Problem statement –
Word for word, repeat all of the entries below.

——

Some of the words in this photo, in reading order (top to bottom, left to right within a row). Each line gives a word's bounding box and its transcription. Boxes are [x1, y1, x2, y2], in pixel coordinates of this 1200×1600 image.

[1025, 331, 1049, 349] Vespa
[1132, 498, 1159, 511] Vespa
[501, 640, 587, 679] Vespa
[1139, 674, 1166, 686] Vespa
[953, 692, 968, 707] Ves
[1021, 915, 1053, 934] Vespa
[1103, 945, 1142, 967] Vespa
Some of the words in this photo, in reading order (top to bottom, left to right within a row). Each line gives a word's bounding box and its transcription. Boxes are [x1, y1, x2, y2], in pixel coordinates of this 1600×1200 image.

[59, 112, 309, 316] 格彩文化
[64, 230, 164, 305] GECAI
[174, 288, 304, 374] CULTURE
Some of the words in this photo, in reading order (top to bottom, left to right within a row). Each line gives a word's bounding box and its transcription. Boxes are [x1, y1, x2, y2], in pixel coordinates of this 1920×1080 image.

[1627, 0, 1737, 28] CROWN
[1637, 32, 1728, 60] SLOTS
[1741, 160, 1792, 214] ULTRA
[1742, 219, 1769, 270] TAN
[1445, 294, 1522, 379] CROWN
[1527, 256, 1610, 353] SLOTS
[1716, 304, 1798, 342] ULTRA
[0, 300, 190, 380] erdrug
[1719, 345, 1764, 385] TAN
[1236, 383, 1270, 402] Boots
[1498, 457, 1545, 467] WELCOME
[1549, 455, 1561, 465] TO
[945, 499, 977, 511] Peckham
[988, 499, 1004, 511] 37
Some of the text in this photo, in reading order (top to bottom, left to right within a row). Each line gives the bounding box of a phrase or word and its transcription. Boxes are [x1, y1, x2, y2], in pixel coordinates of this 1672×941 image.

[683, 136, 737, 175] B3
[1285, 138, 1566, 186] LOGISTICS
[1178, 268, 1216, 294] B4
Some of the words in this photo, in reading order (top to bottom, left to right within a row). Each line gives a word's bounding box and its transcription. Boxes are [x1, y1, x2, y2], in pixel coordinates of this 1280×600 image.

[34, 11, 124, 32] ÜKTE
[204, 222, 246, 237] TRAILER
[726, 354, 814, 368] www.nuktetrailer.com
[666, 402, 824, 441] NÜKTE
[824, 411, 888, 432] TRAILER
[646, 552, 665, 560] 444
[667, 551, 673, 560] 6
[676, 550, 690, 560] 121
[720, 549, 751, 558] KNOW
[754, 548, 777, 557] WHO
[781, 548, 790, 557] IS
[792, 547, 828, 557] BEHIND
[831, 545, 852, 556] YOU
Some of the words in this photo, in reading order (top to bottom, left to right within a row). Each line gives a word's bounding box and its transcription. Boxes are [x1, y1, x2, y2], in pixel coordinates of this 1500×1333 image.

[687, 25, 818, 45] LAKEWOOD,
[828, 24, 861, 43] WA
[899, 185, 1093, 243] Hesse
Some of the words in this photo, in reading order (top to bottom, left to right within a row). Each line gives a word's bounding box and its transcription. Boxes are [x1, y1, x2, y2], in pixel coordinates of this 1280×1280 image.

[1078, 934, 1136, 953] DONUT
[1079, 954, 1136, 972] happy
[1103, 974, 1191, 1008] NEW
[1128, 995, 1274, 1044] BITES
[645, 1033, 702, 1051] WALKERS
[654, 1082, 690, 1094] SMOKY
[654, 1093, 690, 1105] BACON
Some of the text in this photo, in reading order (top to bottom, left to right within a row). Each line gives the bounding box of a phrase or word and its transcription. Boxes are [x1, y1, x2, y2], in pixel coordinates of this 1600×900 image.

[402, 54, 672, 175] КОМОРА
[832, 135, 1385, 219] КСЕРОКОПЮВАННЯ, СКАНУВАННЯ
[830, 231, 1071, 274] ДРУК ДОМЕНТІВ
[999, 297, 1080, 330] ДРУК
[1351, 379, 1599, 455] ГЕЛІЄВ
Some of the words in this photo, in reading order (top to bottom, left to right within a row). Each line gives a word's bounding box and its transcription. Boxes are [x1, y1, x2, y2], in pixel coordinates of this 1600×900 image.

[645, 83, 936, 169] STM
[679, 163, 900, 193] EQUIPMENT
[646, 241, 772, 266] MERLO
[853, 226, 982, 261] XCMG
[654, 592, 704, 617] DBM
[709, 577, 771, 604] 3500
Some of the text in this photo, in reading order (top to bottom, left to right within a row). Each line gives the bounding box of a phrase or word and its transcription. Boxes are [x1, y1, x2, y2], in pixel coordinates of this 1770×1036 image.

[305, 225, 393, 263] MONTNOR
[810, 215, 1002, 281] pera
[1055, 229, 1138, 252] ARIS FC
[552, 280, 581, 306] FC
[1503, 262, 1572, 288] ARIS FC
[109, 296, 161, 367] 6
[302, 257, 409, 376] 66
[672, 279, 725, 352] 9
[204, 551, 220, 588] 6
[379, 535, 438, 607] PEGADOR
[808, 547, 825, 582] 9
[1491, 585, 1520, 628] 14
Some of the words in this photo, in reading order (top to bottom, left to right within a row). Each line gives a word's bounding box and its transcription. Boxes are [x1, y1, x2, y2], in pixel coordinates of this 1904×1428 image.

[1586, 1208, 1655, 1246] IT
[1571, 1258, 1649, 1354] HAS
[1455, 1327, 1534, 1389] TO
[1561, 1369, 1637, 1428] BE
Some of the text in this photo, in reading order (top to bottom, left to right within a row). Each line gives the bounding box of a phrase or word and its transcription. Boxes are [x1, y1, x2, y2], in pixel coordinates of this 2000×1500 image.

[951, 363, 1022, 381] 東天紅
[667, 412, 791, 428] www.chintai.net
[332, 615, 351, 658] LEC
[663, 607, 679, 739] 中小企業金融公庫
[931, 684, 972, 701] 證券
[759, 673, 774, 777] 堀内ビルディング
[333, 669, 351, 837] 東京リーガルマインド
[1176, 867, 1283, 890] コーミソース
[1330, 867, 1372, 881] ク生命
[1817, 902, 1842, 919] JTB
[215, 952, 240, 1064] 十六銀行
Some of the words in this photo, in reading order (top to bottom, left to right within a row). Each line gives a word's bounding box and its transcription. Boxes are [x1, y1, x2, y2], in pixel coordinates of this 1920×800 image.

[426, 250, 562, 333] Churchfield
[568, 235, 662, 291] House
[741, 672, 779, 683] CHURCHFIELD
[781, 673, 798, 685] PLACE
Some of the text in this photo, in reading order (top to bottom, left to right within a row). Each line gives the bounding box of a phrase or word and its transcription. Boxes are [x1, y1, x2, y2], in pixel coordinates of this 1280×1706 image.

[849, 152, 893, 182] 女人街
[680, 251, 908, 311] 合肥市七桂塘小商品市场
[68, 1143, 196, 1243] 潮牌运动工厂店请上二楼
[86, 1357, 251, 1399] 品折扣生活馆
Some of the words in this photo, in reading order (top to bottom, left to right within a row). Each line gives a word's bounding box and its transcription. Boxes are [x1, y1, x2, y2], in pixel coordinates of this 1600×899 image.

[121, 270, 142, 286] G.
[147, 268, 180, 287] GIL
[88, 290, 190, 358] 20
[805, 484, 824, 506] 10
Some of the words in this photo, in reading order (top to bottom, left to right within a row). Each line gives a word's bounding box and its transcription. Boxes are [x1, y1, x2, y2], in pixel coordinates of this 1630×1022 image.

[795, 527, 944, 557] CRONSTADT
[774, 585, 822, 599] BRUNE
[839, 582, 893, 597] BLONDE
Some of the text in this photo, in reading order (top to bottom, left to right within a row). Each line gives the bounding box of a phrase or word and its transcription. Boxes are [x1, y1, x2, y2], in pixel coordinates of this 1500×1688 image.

——

Answer to this problem –
Some of the words in this photo, in reading order (top to bottom, left to right within a row). Each line gives a word's bounding box and its transcription. Boxes are [x1, y1, x2, y2], in pixel coordinates of this 1200×1600 image.

[1025, 331, 1049, 349] Vespa
[1132, 498, 1159, 511] Vespa
[501, 640, 587, 679] Vespa
[1139, 674, 1166, 686] Vespa
[953, 692, 968, 707] Ves
[1021, 915, 1053, 934] Vespa
[1103, 945, 1142, 967] Vespa
Some of the words in this photo, in reading order (top to bottom, left to right within a row). Each line gives a word's bounding box and its transcription. Boxes are [x1, y1, x2, y2], in pixel coordinates of this 1600×1200 image.

[59, 112, 309, 316] 格彩文化
[64, 230, 164, 305] GECAI
[174, 288, 304, 374] CULTURE
Some of the words in this photo, in reading order (top to bottom, left to right within a row). Each line gives a word's bounding box and its transcription. Boxes are [x1, y1, x2, y2], in pixel coordinates of this 1920×1080 image.

[1627, 0, 1737, 28] CROWN
[1637, 32, 1728, 60] SLOTS
[1741, 160, 1792, 214] ULTRA
[1742, 219, 1769, 270] TAN
[1445, 294, 1522, 379] CROWN
[1527, 256, 1610, 353] SLOTS
[1716, 304, 1798, 342] ULTRA
[0, 300, 190, 380] erdrug
[1719, 345, 1764, 385] TAN
[1236, 383, 1270, 402] Boots
[1498, 457, 1545, 467] WELCOME
[1549, 455, 1561, 465] TO
[945, 499, 977, 511] Peckham
[988, 499, 1004, 511] 37
Some of the text in this photo, in reading order (top to bottom, left to right within a row). Each line gives the bounding box of a phrase or word and its transcription. Boxes are [x1, y1, x2, y2], in pixel coordinates of this 1672×941 image.

[683, 136, 737, 175] B3
[1285, 138, 1566, 186] LOGISTICS
[1178, 268, 1216, 294] B4
Some of the words in this photo, in reading order (top to bottom, left to right within a row). Each line gives a word's bounding box and its transcription. Boxes are [x1, y1, x2, y2], in pixel coordinates of this 1280×600 image.

[34, 11, 124, 32] ÜKTE
[204, 222, 246, 237] TRAILER
[726, 354, 814, 368] www.nuktetrailer.com
[666, 402, 824, 441] NÜKTE
[824, 411, 888, 432] TRAILER
[646, 552, 665, 560] 444
[667, 551, 673, 560] 6
[676, 550, 690, 560] 121
[720, 549, 751, 558] KNOW
[754, 548, 777, 557] WHO
[781, 548, 790, 557] IS
[792, 547, 828, 557] BEHIND
[831, 545, 852, 556] YOU
Some of the words in this photo, in reading order (top to bottom, left to right within a row). Each line gives a word's bounding box and its transcription. Boxes are [x1, y1, x2, y2], in pixel coordinates of this 1500×1333 image.

[687, 25, 818, 45] LAKEWOOD,
[828, 24, 861, 43] WA
[899, 185, 1093, 243] Hesse
Some of the words in this photo, in reading order (top to bottom, left to right within a row). Each line gives a word's bounding box and its transcription. Boxes are [x1, y1, x2, y2], in pixel coordinates of this 1280×1280 image.

[1078, 934, 1136, 953] DONUT
[1079, 954, 1136, 972] happy
[1103, 974, 1191, 1008] NEW
[1128, 995, 1274, 1044] BITES
[645, 1033, 702, 1051] WALKERS
[654, 1082, 690, 1094] SMOKY
[654, 1093, 690, 1105] BACON
Some of the text in this photo, in reading order (top to bottom, left to right within a row). Each line gives the bounding box of a phrase or word and its transcription. Boxes are [x1, y1, x2, y2], in pixel coordinates of this 1600×900 image.

[402, 54, 672, 175] КОМОРА
[832, 135, 1385, 219] КСЕРОКОПЮВАННЯ, СКАНУВАННЯ
[830, 231, 1071, 274] ДРУК ДОМЕНТІВ
[999, 297, 1080, 330] ДРУК
[1351, 379, 1599, 455] ГЕЛІЄВ
Some of the words in this photo, in reading order (top to bottom, left to right within a row). Each line gives a word's bounding box and its transcription. Boxes are [x1, y1, x2, y2], in pixel coordinates of this 1600×900 image.

[645, 83, 936, 169] STM
[679, 163, 900, 193] EQUIPMENT
[646, 241, 772, 266] MERLO
[853, 226, 982, 261] XCMG
[654, 592, 704, 617] DBM
[709, 577, 771, 604] 3500
Some of the text in this photo, in reading order (top to bottom, left to right within a row). Each line gives the bounding box of a phrase or word and its transcription. Boxes are [x1, y1, x2, y2], in pixel coordinates of this 1770×1036 image.

[305, 225, 393, 263] MONTNOR
[810, 215, 1002, 281] pera
[1055, 229, 1138, 252] ARIS FC
[552, 280, 581, 306] FC
[1503, 262, 1572, 288] ARIS FC
[109, 296, 161, 367] 6
[302, 257, 409, 376] 66
[672, 279, 725, 352] 9
[204, 551, 220, 588] 6
[379, 535, 438, 607] PEGADOR
[808, 547, 825, 582] 9
[1491, 585, 1520, 628] 14
Some of the words in this photo, in reading order (top to bottom, left to right within a row). Each line gives a word's bounding box and its transcription. Boxes are [x1, y1, x2, y2], in pixel coordinates of this 1904×1428 image.

[1586, 1208, 1655, 1246] IT
[1571, 1258, 1649, 1354] HAS
[1455, 1327, 1534, 1389] TO
[1561, 1369, 1637, 1428] BE
Some of the text in this photo, in reading order (top to bottom, left to right within a row). Each line gives the bounding box of a phrase or word and its transcription. Boxes are [x1, y1, x2, y2], in pixel coordinates of this 2000×1500 image.

[951, 363, 1022, 381] 東天紅
[667, 412, 791, 428] www.chintai.net
[332, 615, 351, 658] LEC
[663, 607, 679, 739] 中小企業金融公庫
[931, 684, 972, 701] 證券
[759, 673, 774, 777] 堀内ビルディング
[333, 669, 351, 837] 東京リーガルマインド
[1176, 867, 1283, 890] コーミソース
[1330, 867, 1372, 881] ク生命
[1817, 902, 1842, 919] JTB
[215, 952, 240, 1064] 十六銀行
Some of the words in this photo, in reading order (top to bottom, left to right within a row). Each line gives a word's bounding box and its transcription. Boxes are [x1, y1, x2, y2], in pixel coordinates of this 1920×800 image.

[426, 250, 562, 333] Churchfield
[568, 235, 662, 291] House
[741, 672, 779, 683] CHURCHFIELD
[781, 673, 798, 685] PLACE
Some of the text in this photo, in reading order (top to bottom, left to right within a row). Each line gives the bounding box of a phrase or word and its transcription. Boxes are [x1, y1, x2, y2], in pixel coordinates of this 1280×1706 image.

[849, 152, 893, 182] 女人街
[680, 251, 908, 311] 合肥市七桂塘小商品市场
[68, 1143, 196, 1243] 潮牌运动工厂店请上二楼
[86, 1357, 251, 1399] 品折扣生活馆
Some of the words in this photo, in reading order (top to bottom, left to right within a row). Each line gives a word's bounding box and its transcription. Boxes are [x1, y1, x2, y2], in pixel coordinates of this 1600×899 image.

[121, 270, 142, 286] G.
[147, 268, 180, 287] GIL
[88, 290, 190, 358] 20
[805, 484, 824, 506] 10
Some of the words in this photo, in reading order (top to bottom, left to right within a row). Each line gives a word's bounding box and its transcription. Boxes are [x1, y1, x2, y2], in pixel coordinates of this 1630×1022 image.

[795, 527, 944, 557] CRONSTADT
[774, 585, 822, 599] BRUNE
[839, 582, 893, 597] BLONDE
Some of the text in this photo, in reading order (top to bottom, left to right within a row). Each line gives the bounding box of a phrase or word and its transcription. Boxes are [x1, y1, x2, y2], in pixel coordinates of this 1500×1688 image.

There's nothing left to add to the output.